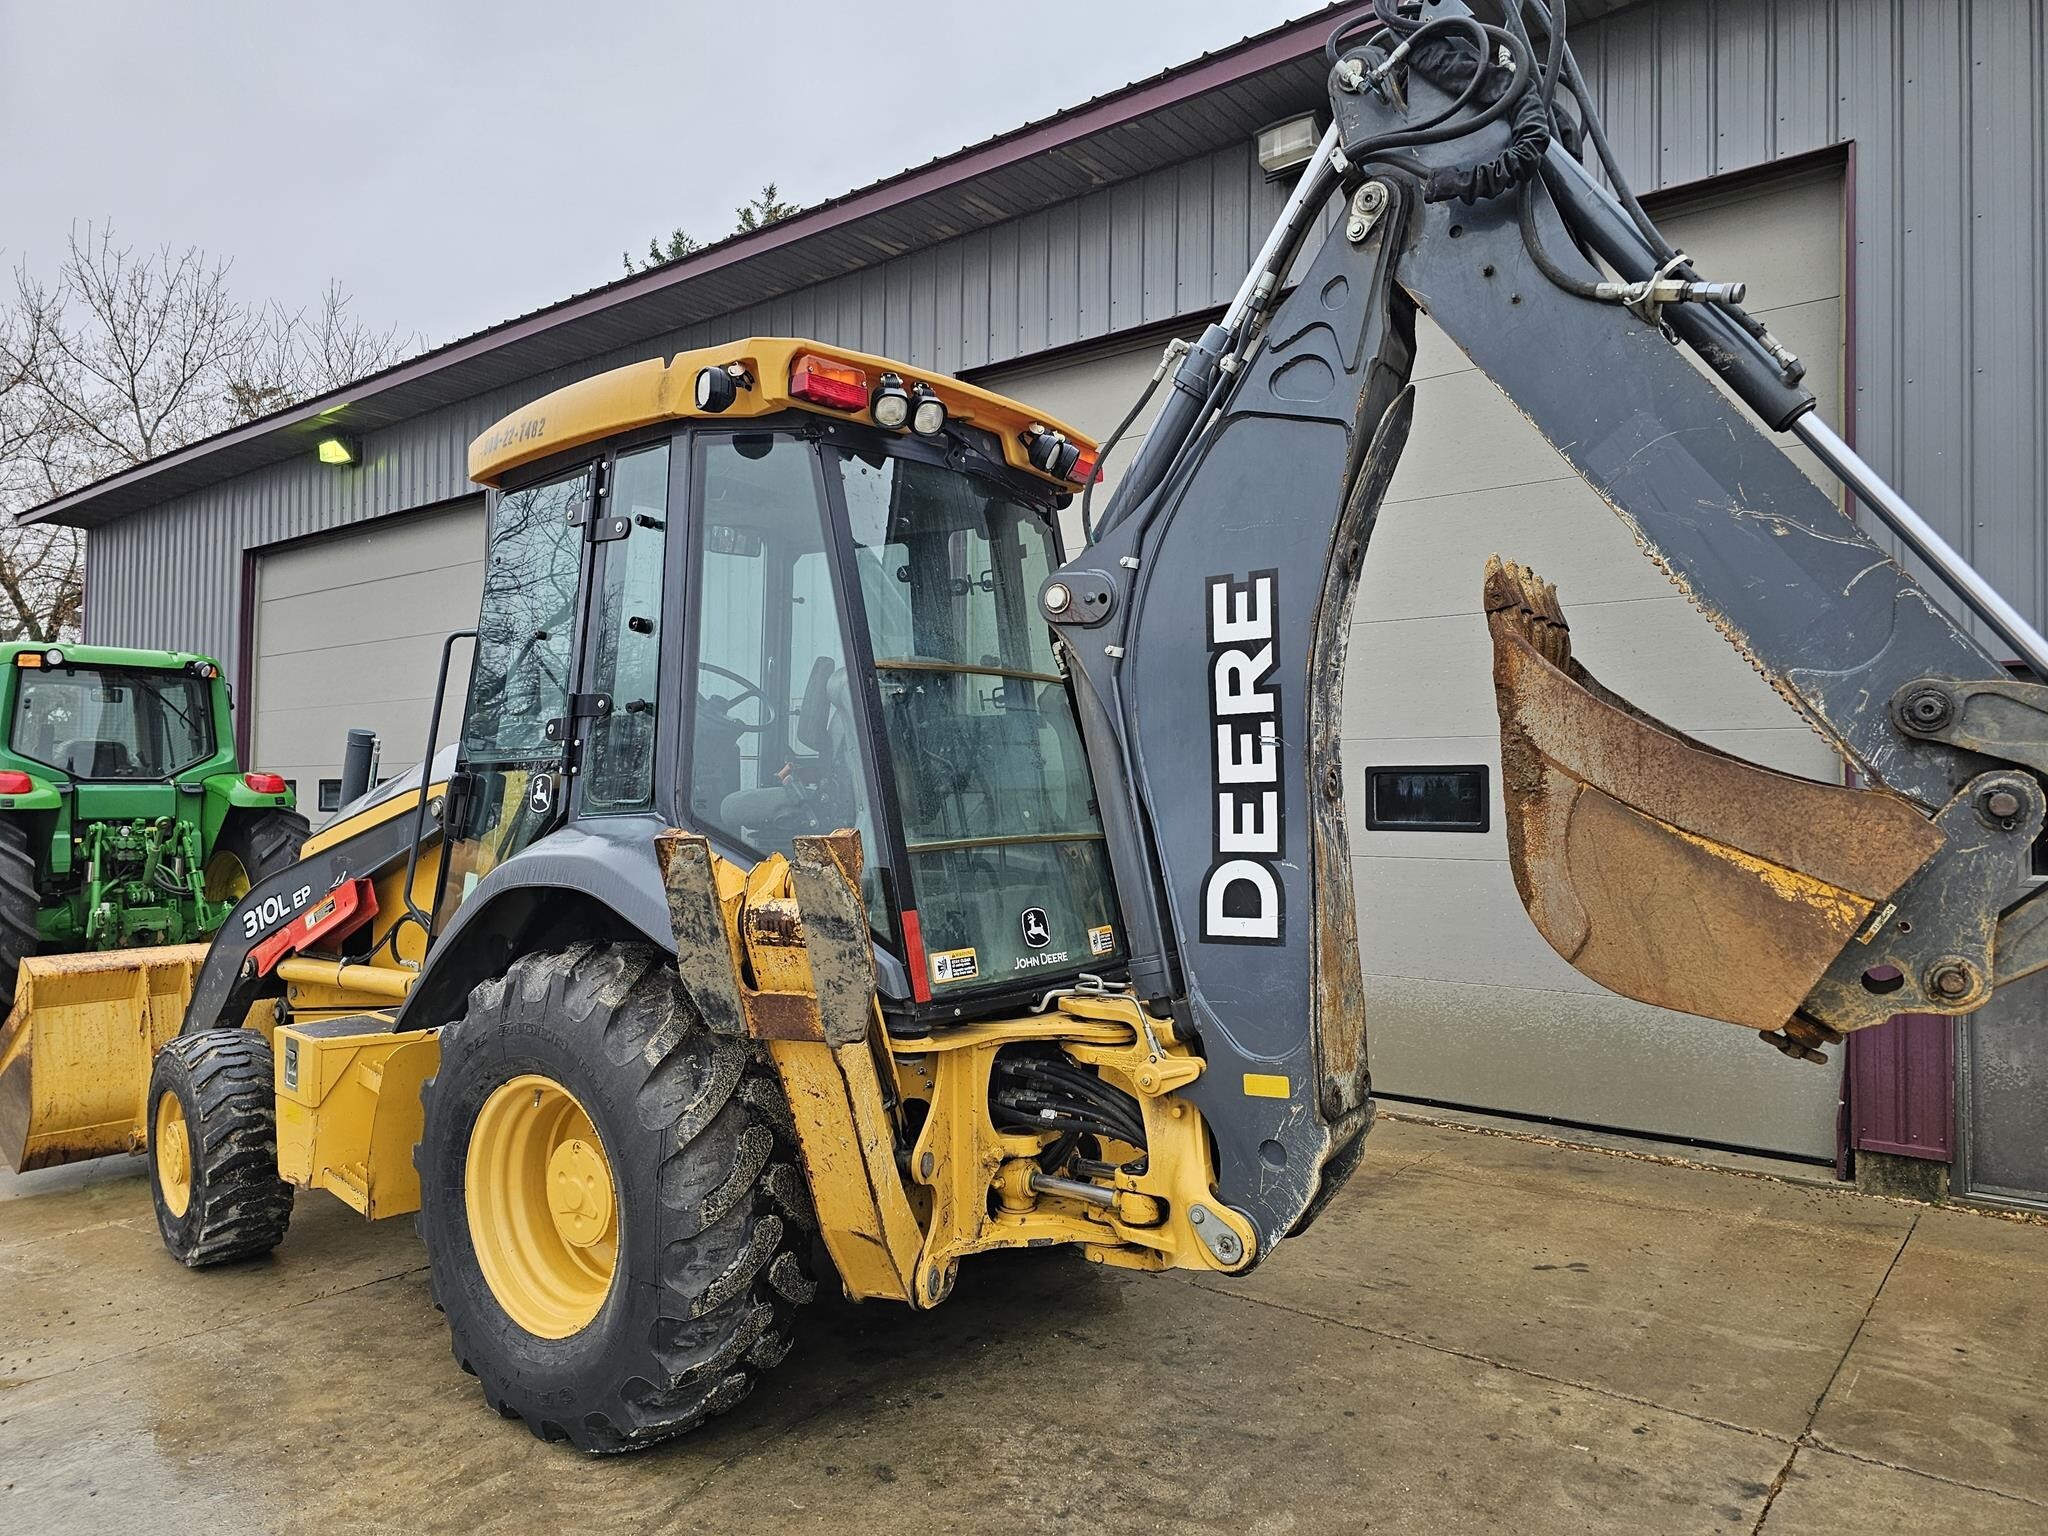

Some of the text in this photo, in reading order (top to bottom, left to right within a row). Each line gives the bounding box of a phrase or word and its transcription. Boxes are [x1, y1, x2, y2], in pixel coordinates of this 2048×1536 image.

[1205, 576, 1279, 939] DEERE
[243, 894, 291, 939] 310L
[293, 885, 311, 909] EP
[1014, 951, 1069, 970] JOHN DEERE
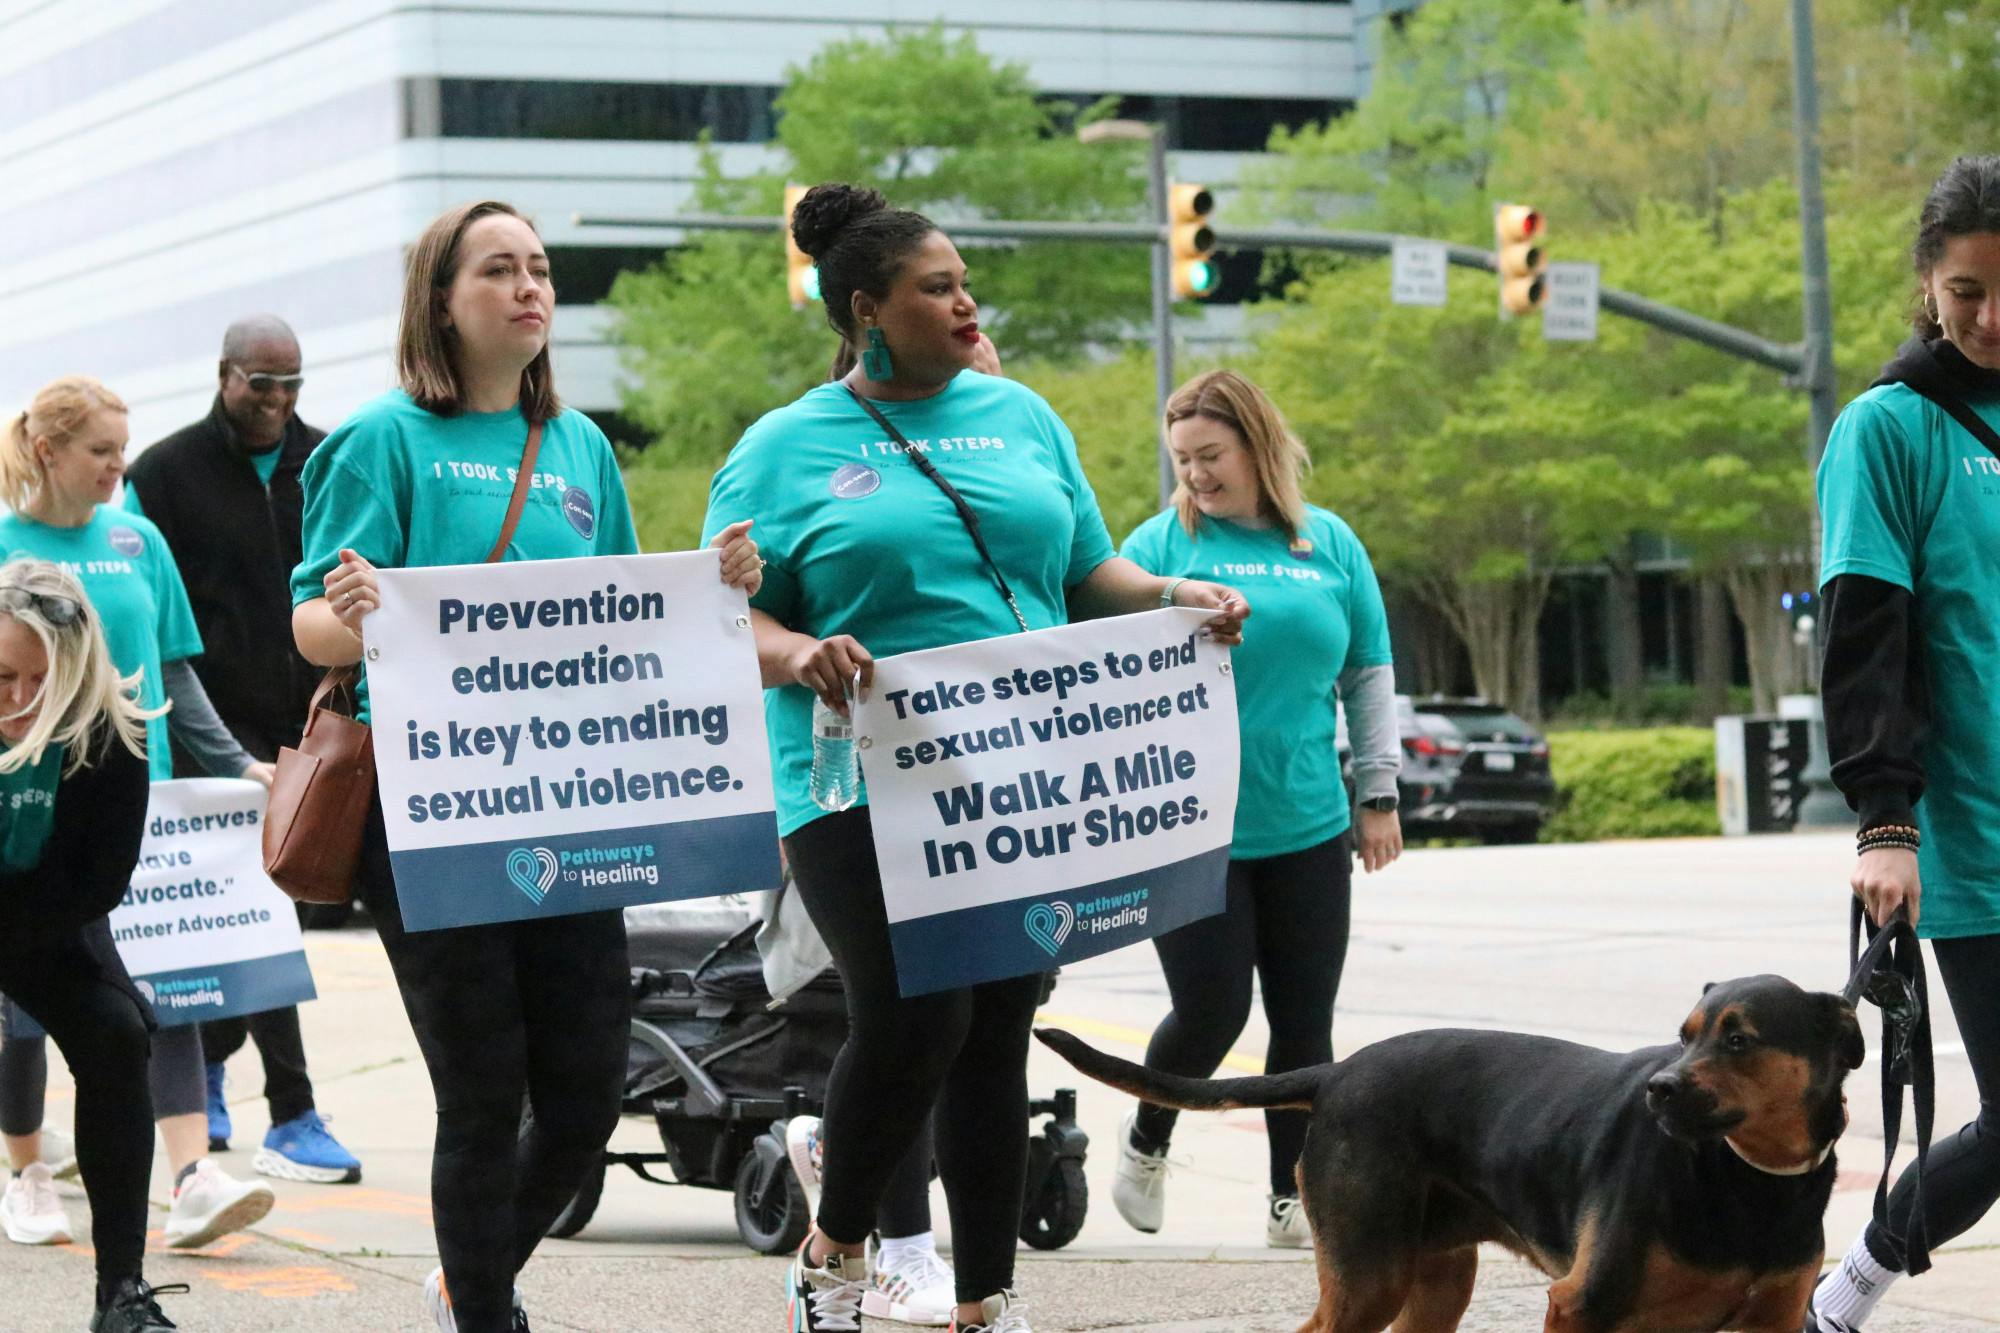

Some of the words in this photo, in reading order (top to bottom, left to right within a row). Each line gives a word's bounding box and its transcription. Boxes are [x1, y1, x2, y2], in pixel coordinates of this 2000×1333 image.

[875, 438, 932, 456] TOK
[939, 437, 1005, 451] STEPS
[448, 461, 501, 481] TOOK
[506, 467, 567, 492] SEPS
[86, 560, 132, 575] STEPS
[1224, 563, 1268, 577] TOOK
[1273, 564, 1322, 582] STEPS
[439, 584, 664, 634] Prevention
[452, 644, 664, 694] education
[885, 680, 985, 720] Take
[992, 660, 1100, 700] steps
[1103, 651, 1143, 679] to
[1148, 634, 1197, 672] end
[406, 719, 441, 761] is
[448, 721, 521, 766] key
[529, 716, 571, 750] to
[578, 698, 729, 746] ending
[894, 716, 1025, 770] sexual
[1029, 695, 1172, 743] violence
[1176, 682, 1209, 714] at
[11, 788, 53, 809] SEPS
[407, 776, 544, 823] sexual
[549, 764, 744, 809] violence.
[932, 769, 1071, 827] Walk
[1080, 762, 1111, 802] A
[1114, 743, 1196, 794] Mile
[151, 809, 258, 837] deserves
[923, 839, 978, 878] In
[986, 821, 1077, 864] Our
[1084, 795, 1208, 847] Shoes.
[560, 844, 655, 867] Pathways
[563, 869, 578, 882] to
[581, 862, 659, 887] Healing
[1076, 888, 1148, 917] Pathways
[178, 908, 271, 934] Advocate
[1077, 920, 1088, 931] to
[1092, 906, 1147, 935] Healing
[155, 976, 220, 994] Pathways
[171, 989, 224, 1009] Healing
+--
WHAT YOU HAVE TO DO ▸
Could you reproduce, exactly as written, the lines running from the one with "Some of the words" to the end of the entries above?

ANSWER TO THE PROBLEM ▸
Some of the words in this photo, in reading order (top to bottom, left to right within a row). Each line gives a word's bounding box and its transcription. Boxes are [x1, y1, x2, y2], in pixel coordinates of this 2000×1333 image.

[875, 438, 932, 456] TOK
[939, 437, 1005, 451] STEPS
[448, 461, 501, 481] TOOK
[506, 467, 567, 492] SEPS
[86, 560, 132, 575] STEPS
[1224, 563, 1268, 577] TOOK
[1273, 564, 1322, 582] STEPS
[439, 584, 664, 634] Prevention
[452, 644, 664, 694] education
[885, 680, 985, 720] Take
[992, 660, 1100, 700] steps
[1103, 651, 1143, 679] to
[1148, 634, 1197, 672] end
[406, 719, 441, 761] is
[448, 721, 521, 766] key
[529, 716, 571, 750] to
[578, 698, 729, 746] ending
[894, 716, 1025, 770] sexual
[1029, 695, 1172, 743] violence
[1176, 682, 1209, 714] at
[11, 788, 53, 809] SEPS
[407, 776, 544, 823] sexual
[549, 764, 744, 809] violence.
[932, 769, 1071, 827] Walk
[1080, 762, 1111, 802] A
[1114, 743, 1196, 794] Mile
[151, 809, 258, 837] deserves
[923, 839, 978, 878] In
[986, 821, 1077, 864] Our
[1084, 795, 1208, 847] Shoes.
[560, 844, 655, 867] Pathways
[563, 869, 578, 882] to
[581, 862, 659, 887] Healing
[1076, 888, 1148, 917] Pathways
[178, 908, 271, 934] Advocate
[1077, 920, 1088, 931] to
[1092, 906, 1147, 935] Healing
[155, 976, 220, 994] Pathways
[171, 989, 224, 1009] Healing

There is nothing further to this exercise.